What the exercise asks:
Give back the records below exactly, every one, with no pictures.

Material provided:
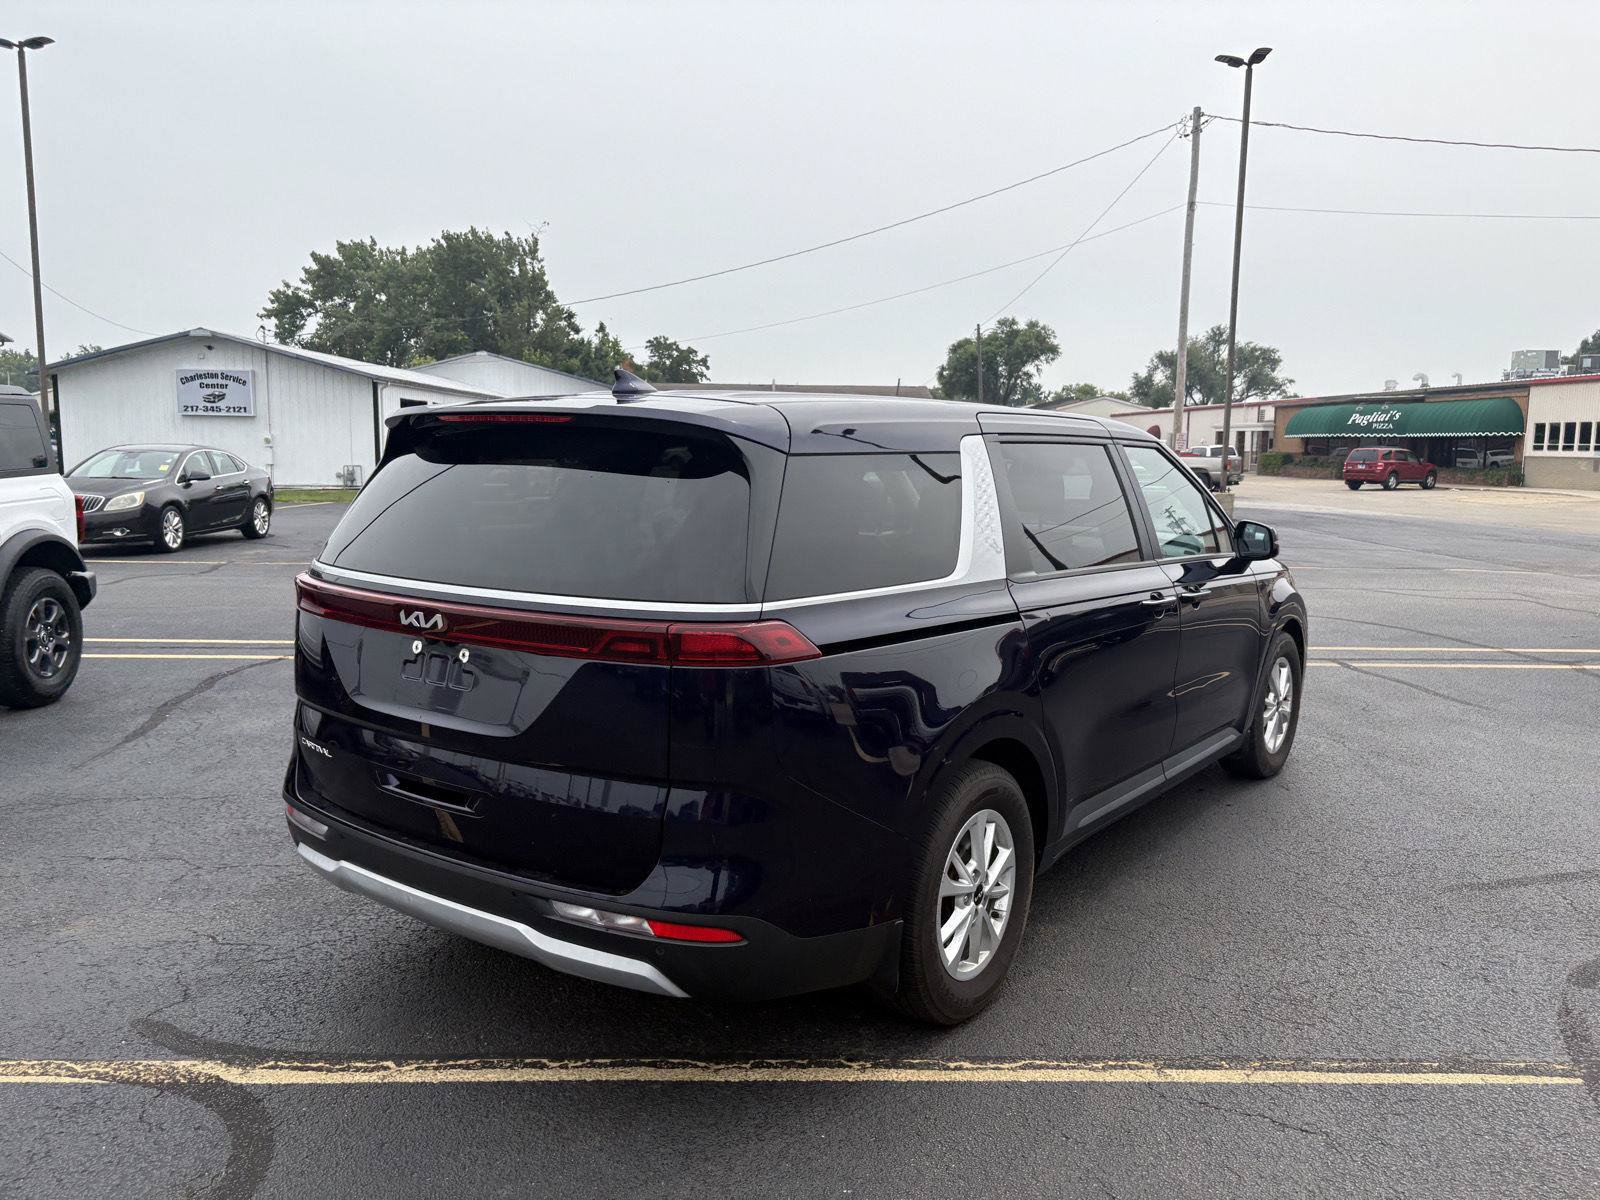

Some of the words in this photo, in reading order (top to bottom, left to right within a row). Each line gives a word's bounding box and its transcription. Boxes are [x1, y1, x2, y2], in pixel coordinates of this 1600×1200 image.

[180, 372, 219, 385] Charleston
[220, 372, 247, 386] Service
[199, 382, 229, 390] Center
[183, 405, 247, 413] 217-345-2121
[1347, 410, 1402, 427] Pagliai's
[1372, 422, 1394, 430] PIZZA
[399, 608, 444, 630] KIA
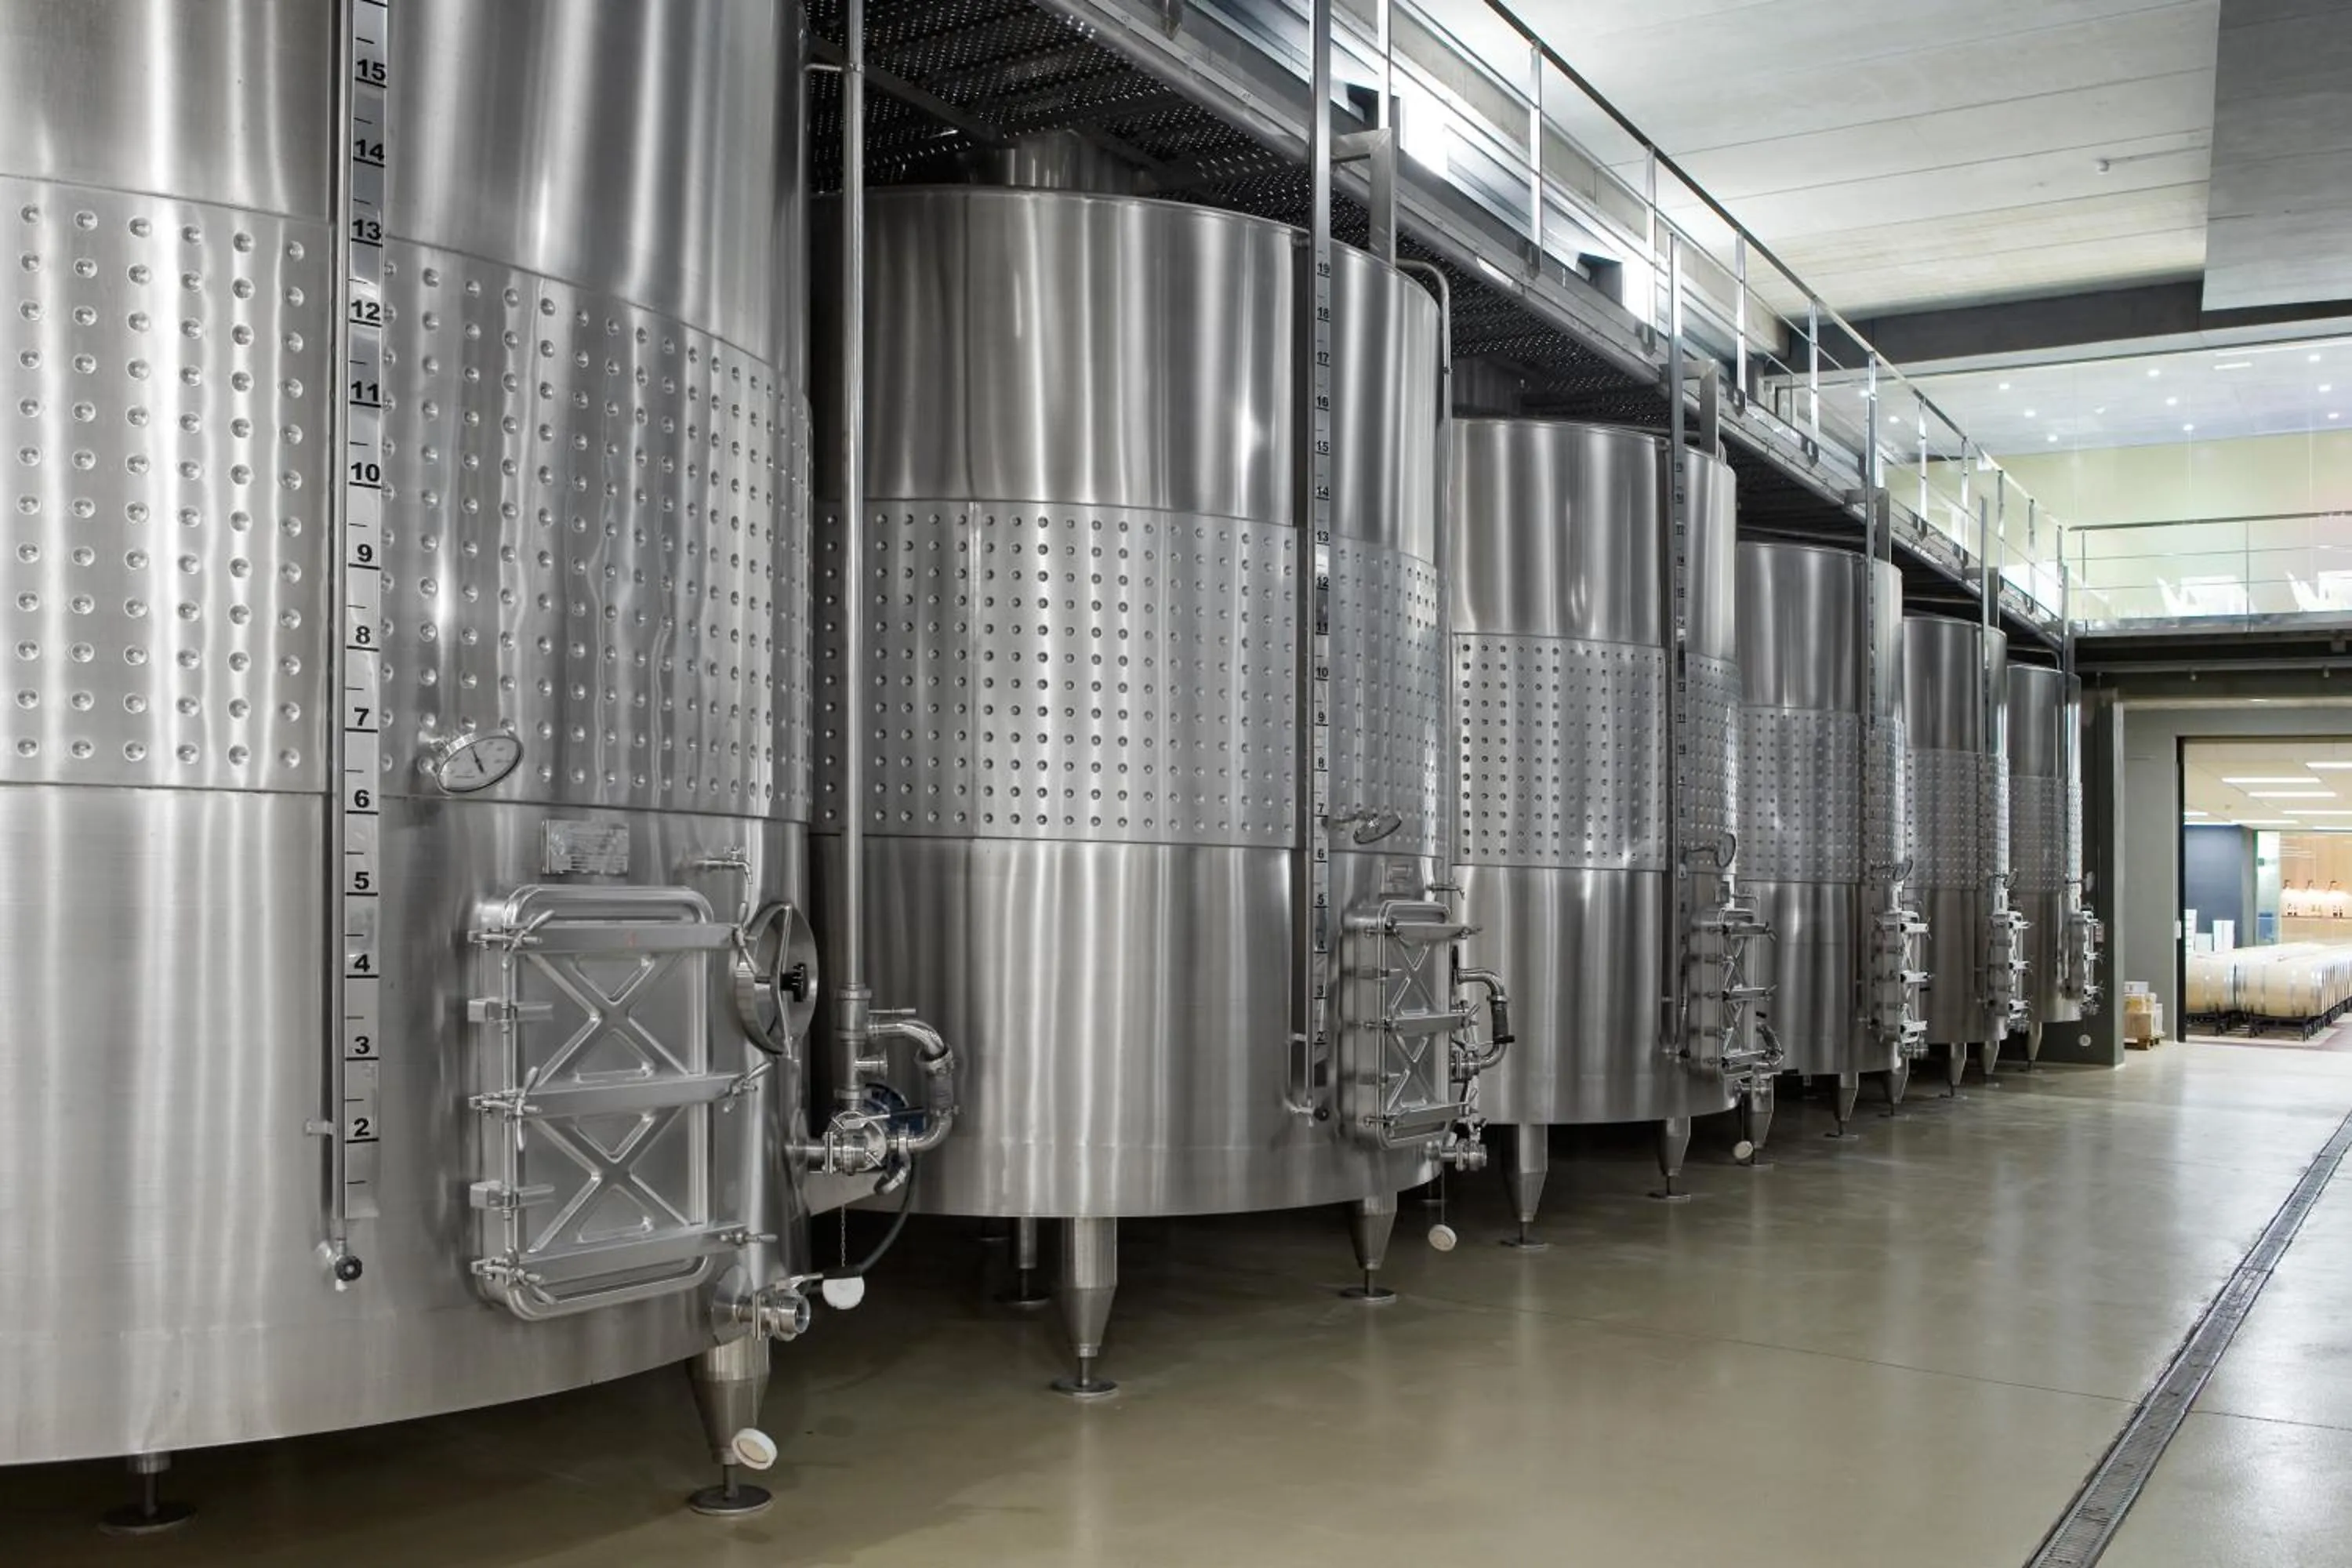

Task response:
Some of the words in this photo, in reading order (top to bottom, left to right within a row). Each line gives a word's bounding box and its transcription. Boxes are [x1, y1, x2, y2], in pixel coordinates of this 1600×1200 image.

[180, 372, 219, 385] Charleston
[220, 372, 247, 386] Service
[199, 382, 229, 390] Center
[183, 405, 247, 413] 217-345-2121
[1347, 410, 1402, 427] Pagliai's
[1372, 422, 1394, 430] PIZZA
[399, 608, 444, 630] KIA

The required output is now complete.